:: Instructions to follow ::
Retype the entries exactly, keeping every line intact.

● ● ● ●

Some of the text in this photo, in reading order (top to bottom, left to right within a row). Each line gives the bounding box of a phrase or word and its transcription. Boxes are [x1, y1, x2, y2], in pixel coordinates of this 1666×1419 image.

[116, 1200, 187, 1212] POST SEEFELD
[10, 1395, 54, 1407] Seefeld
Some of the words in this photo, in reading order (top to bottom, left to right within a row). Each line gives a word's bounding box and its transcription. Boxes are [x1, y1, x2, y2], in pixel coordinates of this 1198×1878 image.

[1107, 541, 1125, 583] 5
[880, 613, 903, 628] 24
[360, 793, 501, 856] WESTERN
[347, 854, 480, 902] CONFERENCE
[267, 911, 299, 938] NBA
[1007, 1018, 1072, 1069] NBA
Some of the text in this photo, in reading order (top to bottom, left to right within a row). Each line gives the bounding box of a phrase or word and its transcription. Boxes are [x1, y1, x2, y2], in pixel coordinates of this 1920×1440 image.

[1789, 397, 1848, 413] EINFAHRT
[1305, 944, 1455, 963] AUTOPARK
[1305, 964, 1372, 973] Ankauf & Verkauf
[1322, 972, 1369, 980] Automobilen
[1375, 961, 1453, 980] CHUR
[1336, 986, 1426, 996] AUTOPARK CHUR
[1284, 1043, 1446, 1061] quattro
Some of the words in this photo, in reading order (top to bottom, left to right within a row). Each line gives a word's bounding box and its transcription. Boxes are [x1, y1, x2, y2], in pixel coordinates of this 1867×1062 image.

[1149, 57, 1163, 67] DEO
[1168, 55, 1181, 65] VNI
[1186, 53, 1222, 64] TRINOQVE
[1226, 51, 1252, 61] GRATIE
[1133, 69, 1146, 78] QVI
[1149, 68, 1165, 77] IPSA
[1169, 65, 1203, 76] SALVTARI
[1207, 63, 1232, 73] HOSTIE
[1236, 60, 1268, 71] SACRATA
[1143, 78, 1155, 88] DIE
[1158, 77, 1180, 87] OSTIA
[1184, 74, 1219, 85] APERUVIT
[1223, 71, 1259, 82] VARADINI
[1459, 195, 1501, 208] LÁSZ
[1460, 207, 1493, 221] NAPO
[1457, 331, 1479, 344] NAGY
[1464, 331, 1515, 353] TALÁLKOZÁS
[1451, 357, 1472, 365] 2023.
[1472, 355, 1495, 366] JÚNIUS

● ● ● ●

:: Answer box ::
Some of the text in this photo, in reading order (top to bottom, left to right within a row). Each line gives the bounding box of a phrase or word and its transcription. Boxes are [x1, y1, x2, y2], in pixel coordinates of this 1666×1419 image.

[116, 1200, 187, 1212] POST SEEFELD
[10, 1395, 54, 1407] Seefeld
Some of the words in this photo, in reading order (top to bottom, left to right within a row). Each line gives a word's bounding box and its transcription. Boxes are [x1, y1, x2, y2], in pixel coordinates of this 1198×1878 image.

[1107, 541, 1125, 583] 5
[880, 613, 903, 628] 24
[360, 793, 501, 856] WESTERN
[347, 854, 480, 902] CONFERENCE
[267, 911, 299, 938] NBA
[1007, 1018, 1072, 1069] NBA
Some of the text in this photo, in reading order (top to bottom, left to right within a row). Each line gives the bounding box of a phrase or word and its transcription. Boxes are [x1, y1, x2, y2], in pixel coordinates of this 1920×1440 image.

[1789, 397, 1848, 413] EINFAHRT
[1305, 944, 1455, 963] AUTOPARK
[1305, 964, 1372, 973] Ankauf & Verkauf
[1322, 972, 1369, 980] Automobilen
[1375, 961, 1453, 980] CHUR
[1336, 986, 1426, 996] AUTOPARK CHUR
[1284, 1043, 1446, 1061] quattro
Some of the words in this photo, in reading order (top to bottom, left to right within a row). Each line gives a word's bounding box and its transcription. Boxes are [x1, y1, x2, y2], in pixel coordinates of this 1867×1062 image.

[1149, 57, 1163, 67] DEO
[1168, 55, 1181, 65] VNI
[1186, 53, 1222, 64] TRINOQVE
[1226, 51, 1252, 61] GRATIE
[1133, 69, 1146, 78] QVI
[1149, 68, 1165, 77] IPSA
[1169, 65, 1203, 76] SALVTARI
[1207, 63, 1232, 73] HOSTIE
[1236, 60, 1268, 71] SACRATA
[1143, 78, 1155, 88] DIE
[1158, 77, 1180, 87] OSTIA
[1184, 74, 1219, 85] APERUVIT
[1223, 71, 1259, 82] VARADINI
[1459, 195, 1501, 208] LÁSZ
[1460, 207, 1493, 221] NAPO
[1457, 331, 1479, 344] NAGY
[1464, 331, 1515, 353] TALÁLKOZÁS
[1451, 357, 1472, 365] 2023.
[1472, 355, 1495, 366] JÚNIUS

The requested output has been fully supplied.